The Wall Street Occupennial is an urgent call for artists to contribute to the ongoing Occupy Wall Street (OWS) movement currently centered at Liberty Plaza in the Financial District of New York City. The Occupennial is founded on the belief that artists have a crucial role to play in helping to elaborate and sustain the democratic public space that is currently being created by the occupation of Liberty Plaza.
OWS is one in a chain of protest movements unfolding across the world over the past several years concerned with democratic empowerment and economic justice in the face of untrammelled corporate domination of political institutions and social life more generally. This domination has involved the legal enshrinement of “corporate personhood” at the expense of representative government,  punitive austerity measures, rising unemployment, massive income inequality, ecological destruction, assaults on collective bargaining rights, the dismantling of the social safety net, and the scapegoating of public employees, working families, people of color, and immigrants. 

The Occupennial embraces the fact that the OWS movement is not reducible to a single “message” or even a particular set of policy prescriptions; in the most general sense, OWS and its affiliated movements around the world are about democratization, the first manifestation of which has often been the unauthorized occupation of nominally public streets, buildings, and plazas ranging from Tahrir Square to the Wisconsin State House.

While it echoes the familiar art-world term “biennial,” the Occupennial is unencumbered by any predetermined curatorial program or institutional apparatus. It exists instead as an imaginative umbrella-concept and pragmatic media platform (wallstreetoccupennial.tumblr.com/) through which diverse activities might be brought into alliance around both the specific site of Liberty Plaza and other occupation-sites throughout the United States and the rest of the world.

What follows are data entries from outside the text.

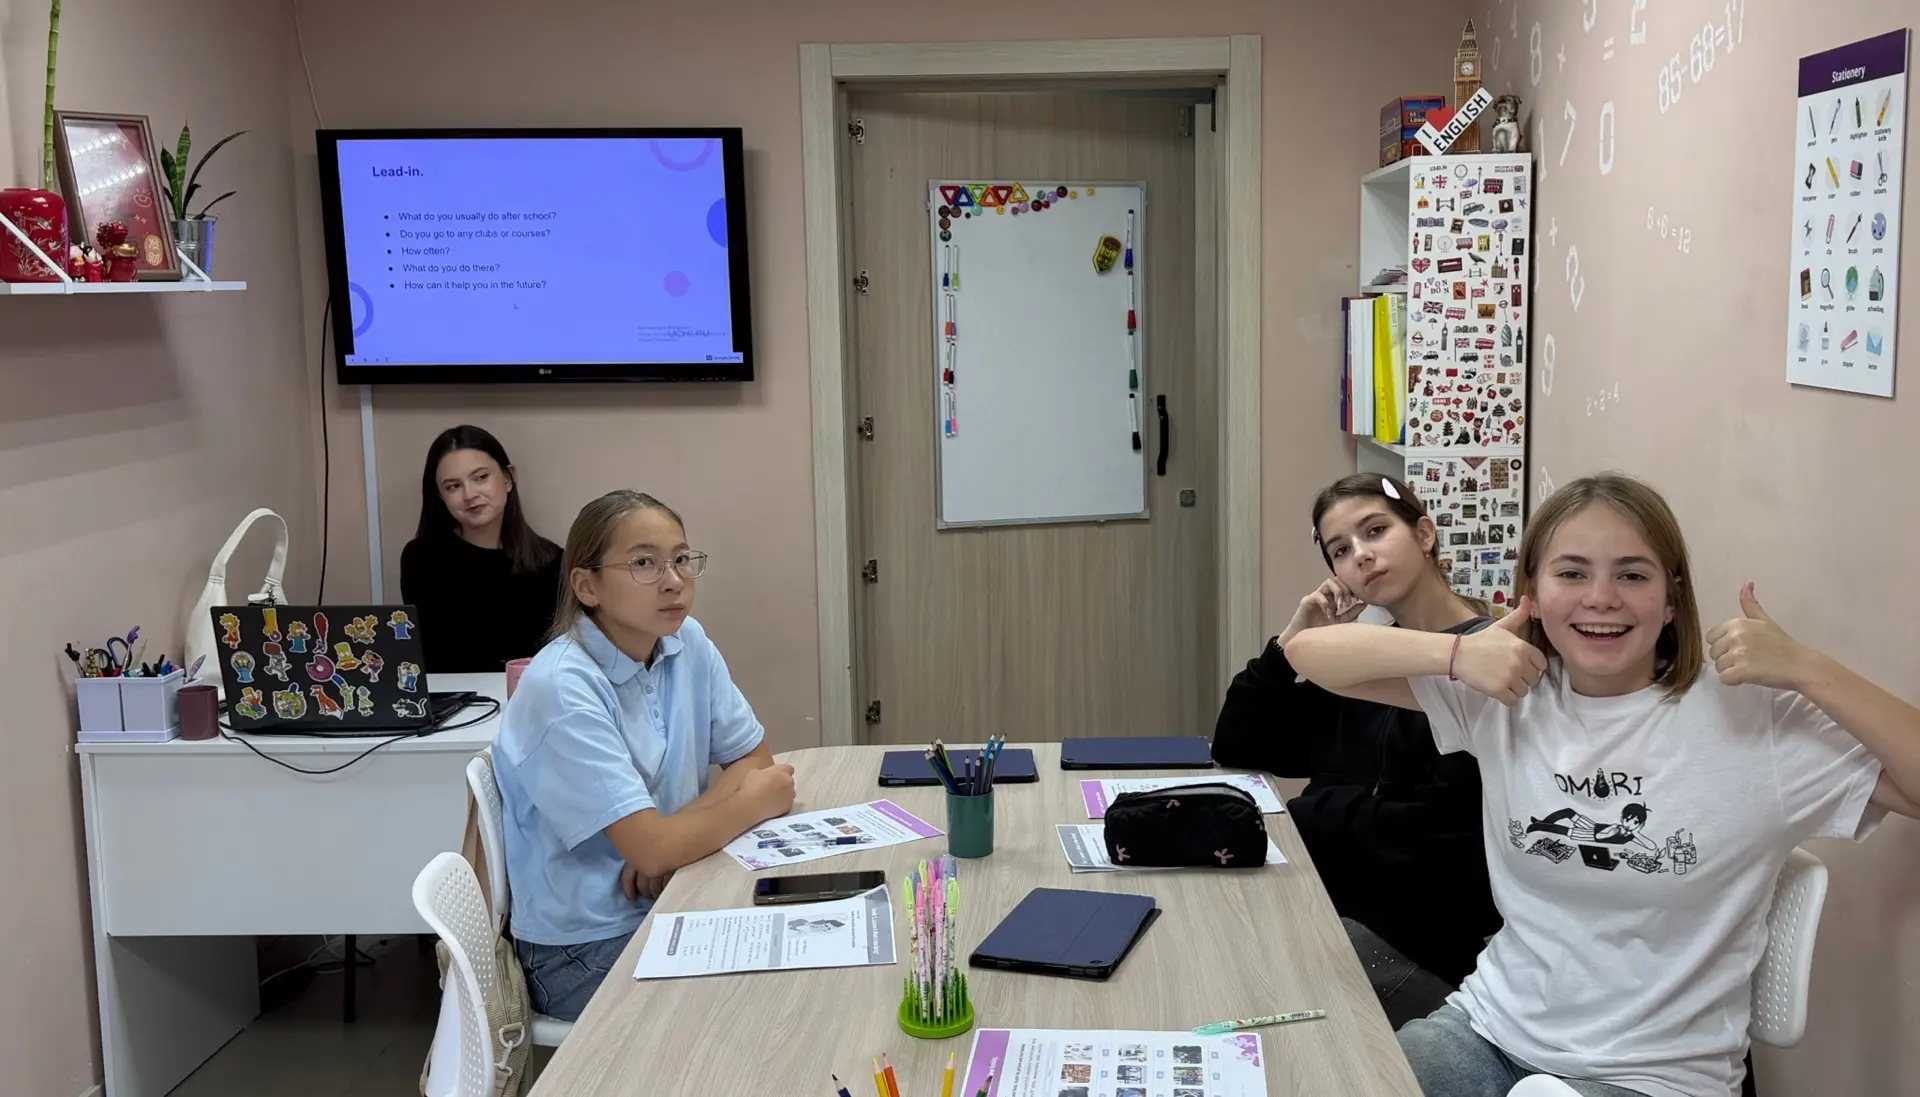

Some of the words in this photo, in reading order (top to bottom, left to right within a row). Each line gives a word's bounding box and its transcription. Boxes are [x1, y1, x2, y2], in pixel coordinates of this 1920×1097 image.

[1832, 66, 1866, 83] Stationery
[1422, 129, 1432, 140] I
[1433, 94, 1488, 152] ENGLISH
[372, 166, 424, 177] Lead-in.
[437, 214, 453, 222] you
[456, 212, 485, 222] usually
[502, 212, 521, 220] after
[524, 212, 556, 220] school?
[400, 230, 413, 238] Do
[415, 231, 431, 240] you
[433, 231, 444, 240] go
[446, 230, 455, 238] to
[457, 231, 473, 240] any
[475, 230, 498, 238] clubs
[512, 229, 551, 238] courses?
[402, 247, 421, 255] How
[424, 246, 450, 255] often?
[473, 263, 500, 272] there?
[405, 281, 424, 289] How
[452, 281, 470, 290] help
[472, 282, 488, 290] you
[517, 280, 547, 288] future?
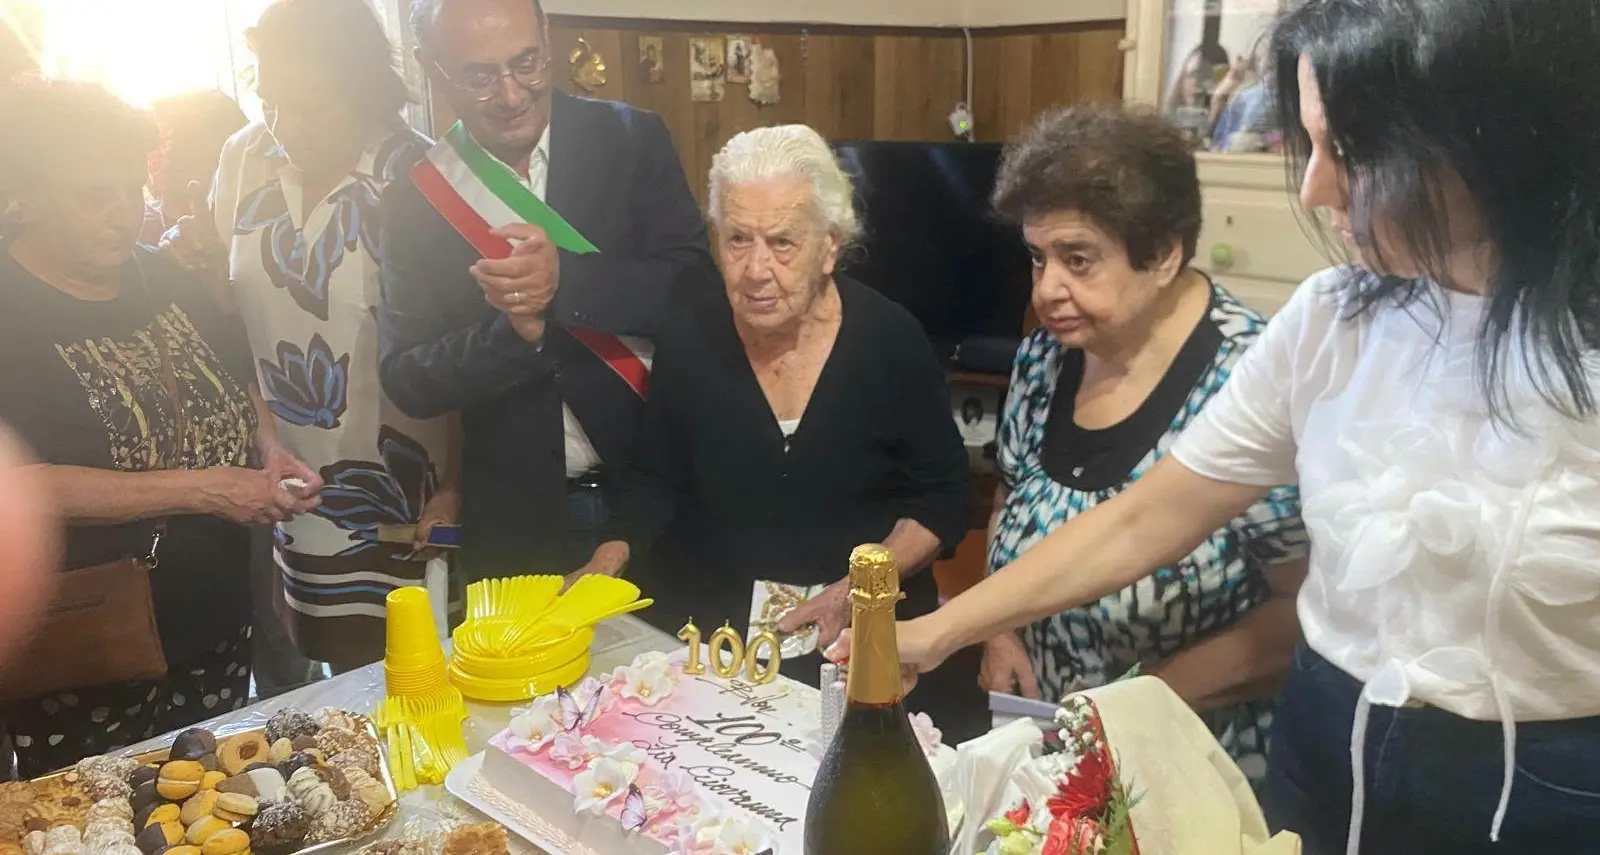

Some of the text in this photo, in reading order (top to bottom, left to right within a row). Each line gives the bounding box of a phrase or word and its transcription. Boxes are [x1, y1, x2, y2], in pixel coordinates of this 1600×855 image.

[677, 620, 782, 684] 100
[622, 711, 811, 790] Compleanno
[631, 737, 678, 770] Zia

While OWS has gathered political strength and sympathetic media coverage in recent days, the occupation of Liberty Plaza remains an inherently precarious process due in part to the ambiguous legal status of the site: it is a privately-owned public park mandated to remain open twenty-four hours a day; however, the immense police presence is a constant reminder that events on the ground can change very quickly. For now at least, a major priority is sustaining the presence of as many bodies and cameras at the plaza as possible. The Occupennial thus encourages contributions that engage the physical site of Liberty plaza and its occupants, and that can unfold in as timely a manner as possible. For those contributors unable to be physically present at the site itself, we encourage projects that are digitally-based (photos, videos, texts, graphics), but also long-distance ideas capable of on-site realization by interested collaborators. These might encompass sign-making, performative gestures, tours, choreographic scores, acoustic experiments, historical reenactments, or ephemeral architectures. In conceiving of such projects, it is important to keep in mind that various park regulations already constrain OWS occupation activities in terms of the marking of surfaces, the amplification of voices, and the erection of structures found to be “blocking the sightline of the park.” Such constraints are unfortunate, but they might also become opportunities for artistic inspiration, response, and critique.

Finally, it is crucial to note that in recent days, important new linkages have begun to develop between OWS and already-existing labor unions, non-governmental organizations, community groups, public intellectuals, and media outlets. Art projects working to cultivate and facilitate cultivate such linkages are especially welcome under the umbrella of the Occupennial.

We look forward to your contributions to this initiative…Time is of the essence!